Dave Meyer adalah seorang perawat pria dengan tingkat kesabaran melebihi rata-rata. Meski wajahnya tidak terlalu tampan dengan bekas luka codet panjang yang melintang di pipinya--hadiah dari seorang pasien depresi beberapa bulan lalu--tapi tidak akan ada yang mengatakan kalau Dave jelek. Dia menarik, karena senyum ramah tidak pernah meninggalkan bibirnya yang agak tebal dan berwarna merah karena bebas dari racun nikotin, dan mata biru mudanya selalu menatap penuh kelembutan. Alisnya tebal, tapi berbentuk datar dan agak berantakan menunjukkan kesabarannya yang hampir tak terbatas, dengan dahi agak lebar dan tepian pelipis yang mulai dihiasi warna kelabu. Dave bukanlah pria idaman wanita, tapi jelas merupakan pria terbaik yang bisa dimiliki oleh siapa pun.
Dan aku mencintainya.
Seolah tahu kalau diperhatikan, Dave menoleh dan melemparkan senyum ramahnya kepadaku.

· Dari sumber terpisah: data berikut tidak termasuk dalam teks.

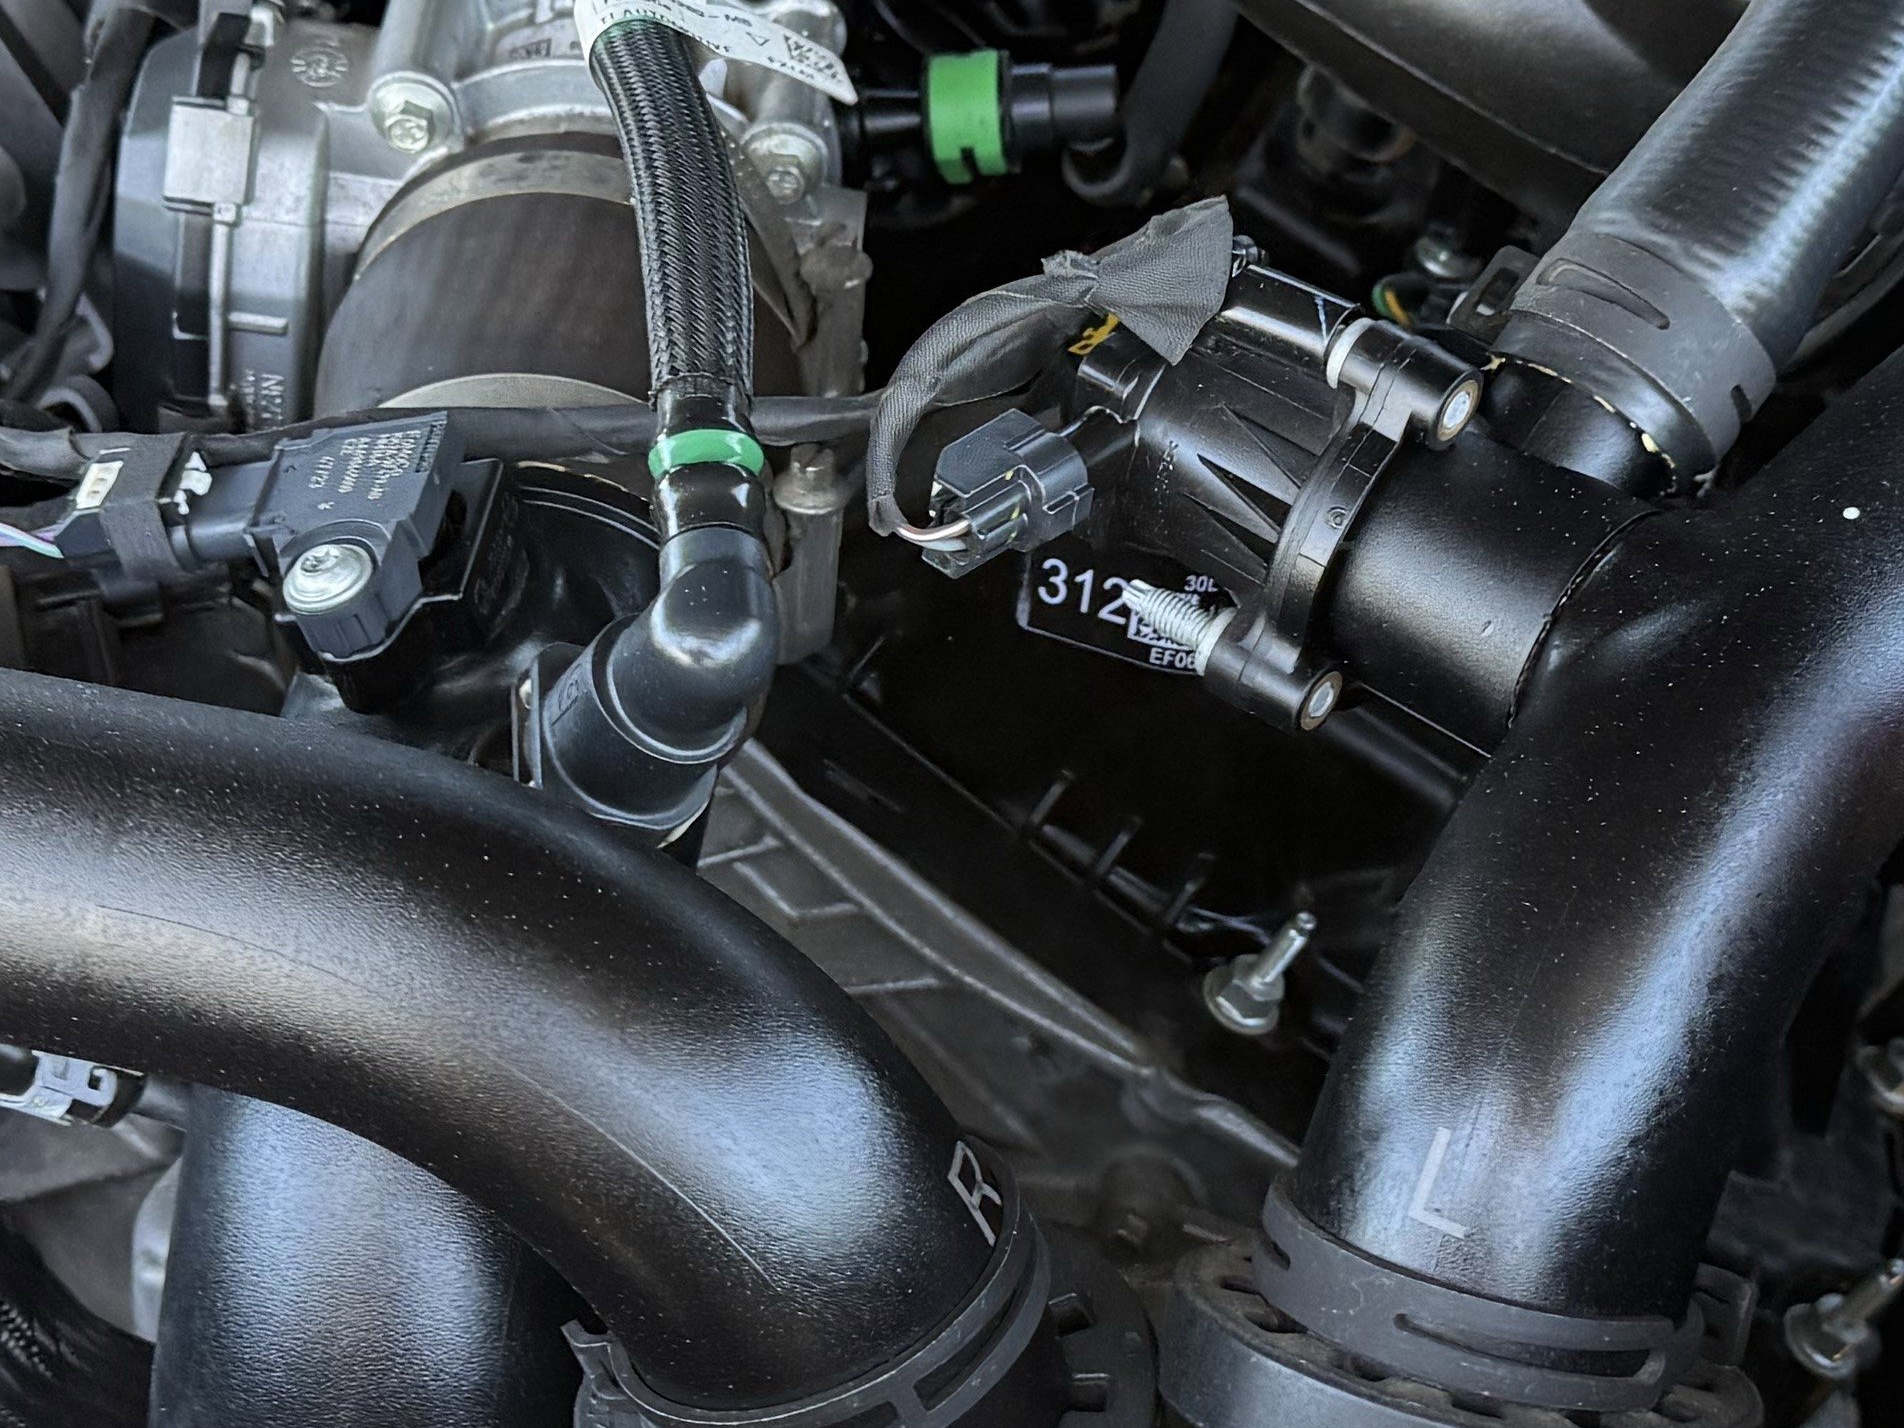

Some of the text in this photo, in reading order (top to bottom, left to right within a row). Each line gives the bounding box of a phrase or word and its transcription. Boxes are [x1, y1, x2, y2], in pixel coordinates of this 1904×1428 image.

[1038, 558, 1129, 625] 312
[948, 1140, 1002, 1247] R
[1408, 1126, 1466, 1239] L
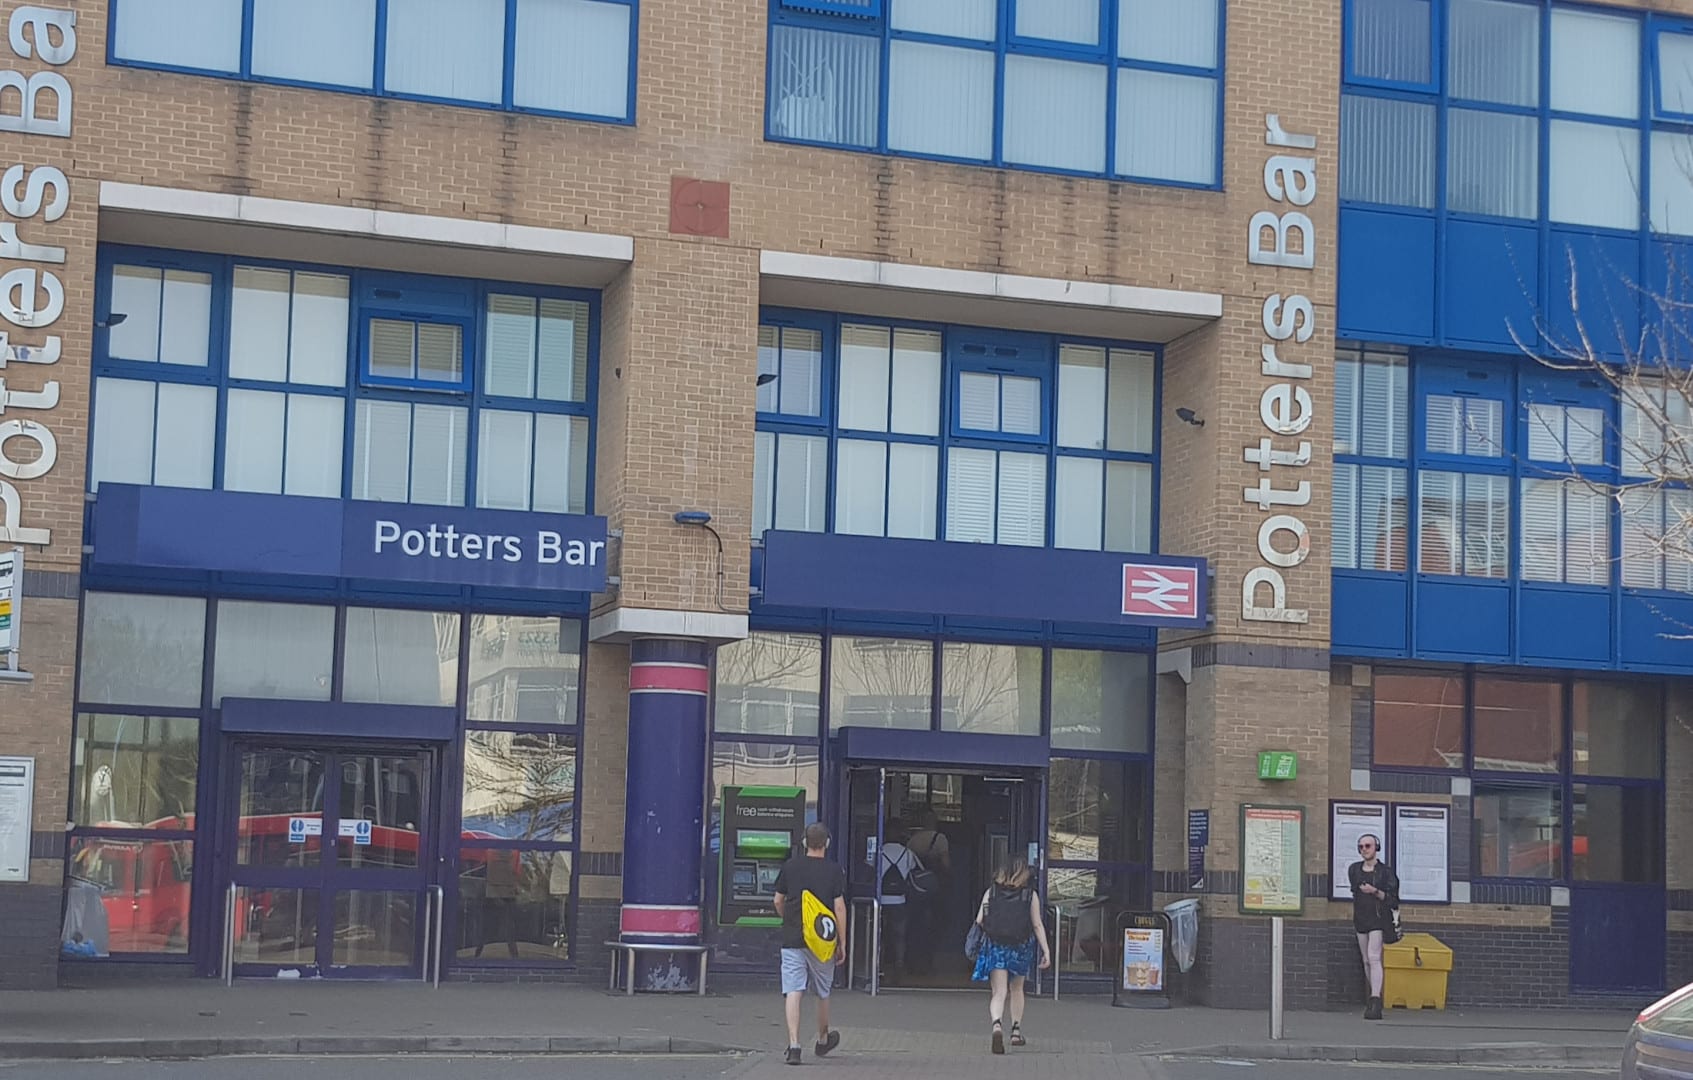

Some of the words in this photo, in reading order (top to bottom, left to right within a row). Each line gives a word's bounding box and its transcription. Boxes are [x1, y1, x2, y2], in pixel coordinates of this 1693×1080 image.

[0, 5, 77, 138] Ba
[1248, 112, 1317, 268] Bar
[1241, 293, 1315, 625] Potters
[374, 520, 523, 562] Potters
[537, 531, 605, 566] Bar
[735, 804, 757, 817] free

Dia memberikan tanda agar aku menunggunya menyelesaikan pembicaraan dengan salah satu dokter di rumah sakit ini sebelum mendekatiku.
"Hai, Bri. Apa yang membuatmu sampai begitu sabar menungguku?" sapanya.

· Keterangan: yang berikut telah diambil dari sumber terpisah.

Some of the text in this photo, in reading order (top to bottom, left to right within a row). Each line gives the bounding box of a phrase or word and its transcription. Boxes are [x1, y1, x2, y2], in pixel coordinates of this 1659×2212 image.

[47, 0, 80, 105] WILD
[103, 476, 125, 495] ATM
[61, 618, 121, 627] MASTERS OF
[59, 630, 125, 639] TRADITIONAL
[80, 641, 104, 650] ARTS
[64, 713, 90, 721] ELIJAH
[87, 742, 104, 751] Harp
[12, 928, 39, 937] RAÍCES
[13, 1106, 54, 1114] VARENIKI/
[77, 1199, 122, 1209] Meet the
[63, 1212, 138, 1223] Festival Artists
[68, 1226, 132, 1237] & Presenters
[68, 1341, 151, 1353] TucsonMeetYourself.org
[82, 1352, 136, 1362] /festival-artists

Aku menatapnya lama. Ada segumpal kesedihan menatap wajahnya yang teduh itu, menyadari kalau dia tidak akan ada di sini lagi.

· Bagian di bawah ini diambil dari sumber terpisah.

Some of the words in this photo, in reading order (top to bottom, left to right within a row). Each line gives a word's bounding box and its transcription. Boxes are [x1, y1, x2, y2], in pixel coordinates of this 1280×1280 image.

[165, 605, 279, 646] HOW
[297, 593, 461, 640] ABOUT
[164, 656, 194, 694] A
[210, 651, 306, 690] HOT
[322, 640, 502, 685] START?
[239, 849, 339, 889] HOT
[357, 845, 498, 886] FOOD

"Aku ... aku ...." Aku menghela napas saat tidak mampu menemukan kalimat apa pun.
Senyumnya makin memikat. "Ada kucing menggigit lidahmu?" guraunya.
Tanpa kuingini, dua aliran bening membasahi pipiku, membuat Dave terlihat kaget.
"Bri ... ada apa?" tanyanya lembut sambil meraih pundakku, lalu membimbingku menuju bangku tunggu di depan kamar perawatan. Dibantunya aku duduk dan dengan jemarinya yang besar tapi hangat dia menghapus air mataku.
"Hei ... kau kenapa? Apa aku sudah melakukan sesuatu yang salah?"
Aku mencoba menatapnya dengan air mata yang membuat pandanganku berkabut. "Jangan pergi," kataku tersendat. Lalu aku memeluknya erat.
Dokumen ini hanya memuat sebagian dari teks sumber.